こんにちは。最近は諸星きらりにお熱なふーなんとかさんです。

ふーなんとかさんといえば「7638」「成宮由愛」というイメージが強そうですが、ここ最近はデレマス全般、そしてペンシルパズル入門者・初心者向けの活動を主に行なっているなあという認識があります。主に挙げられるのは「#ペンシルパズルデビュー週間」や「成宮由愛と学ぶ!ヘルゴルフ作問基礎」、Puzzle Square JPでの「はじめてのペンシルパズル」名義での出題などでしょうか。

さてこれはとある日のご友人(デレマスP、パズルもする)との会話で私の口から飛び出した一言。

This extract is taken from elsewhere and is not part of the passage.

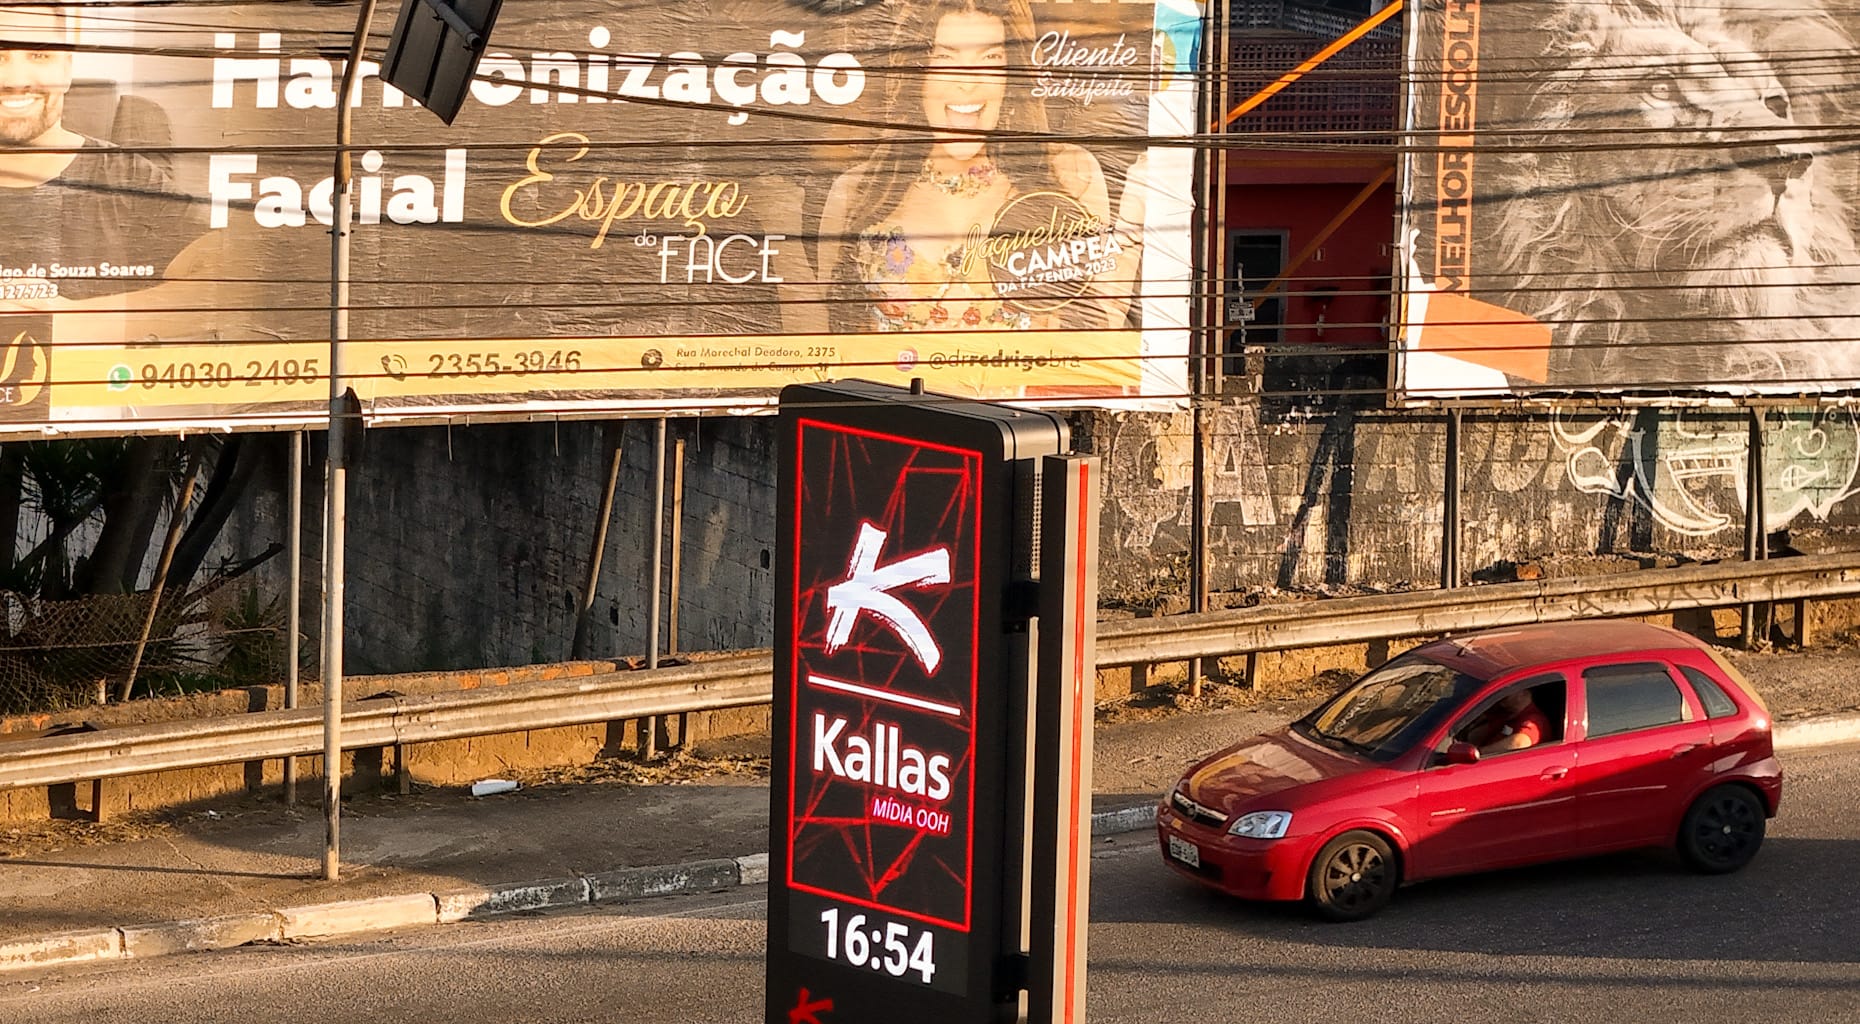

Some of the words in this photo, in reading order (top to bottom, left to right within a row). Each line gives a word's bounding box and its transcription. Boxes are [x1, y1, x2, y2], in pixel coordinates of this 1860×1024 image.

「ニナチャンがペンシルパズルの気持ちになってデビューする本!?」
※注 ニナチャン=市原仁奈

勢いで言っただけのネタのようなものでしたが、あれ案外面白そうだぞ、プロデューサー向けのいいパズル教材になりそうだぞ、やってみたいぞと話が弾み……。
「じゃあ試しにひと記事書いてみるか!」と独断で進めたのがこちらの記事です。

パズラーとプロデューサーの架け橋になることを目指し、デレマスをテーマにしたパズルを募集・紹介する「#デレパズ」という企画を開催していますが、やはりパズル側のハードルがやや高いのがネックであると実感しています。
それを解消する手段として「ニナチャンがペンシルパズルの気持ちになってデビューする本(仮)」はアリなのかもしれない……と、考えたり考えていなかったり。

ひょっとしたら来年あたりに、この記事の内容をブラッシュアップ&ボリュームアップしたものが本となってお披露目されるかもしれません。続くかやる気、足りるか時間。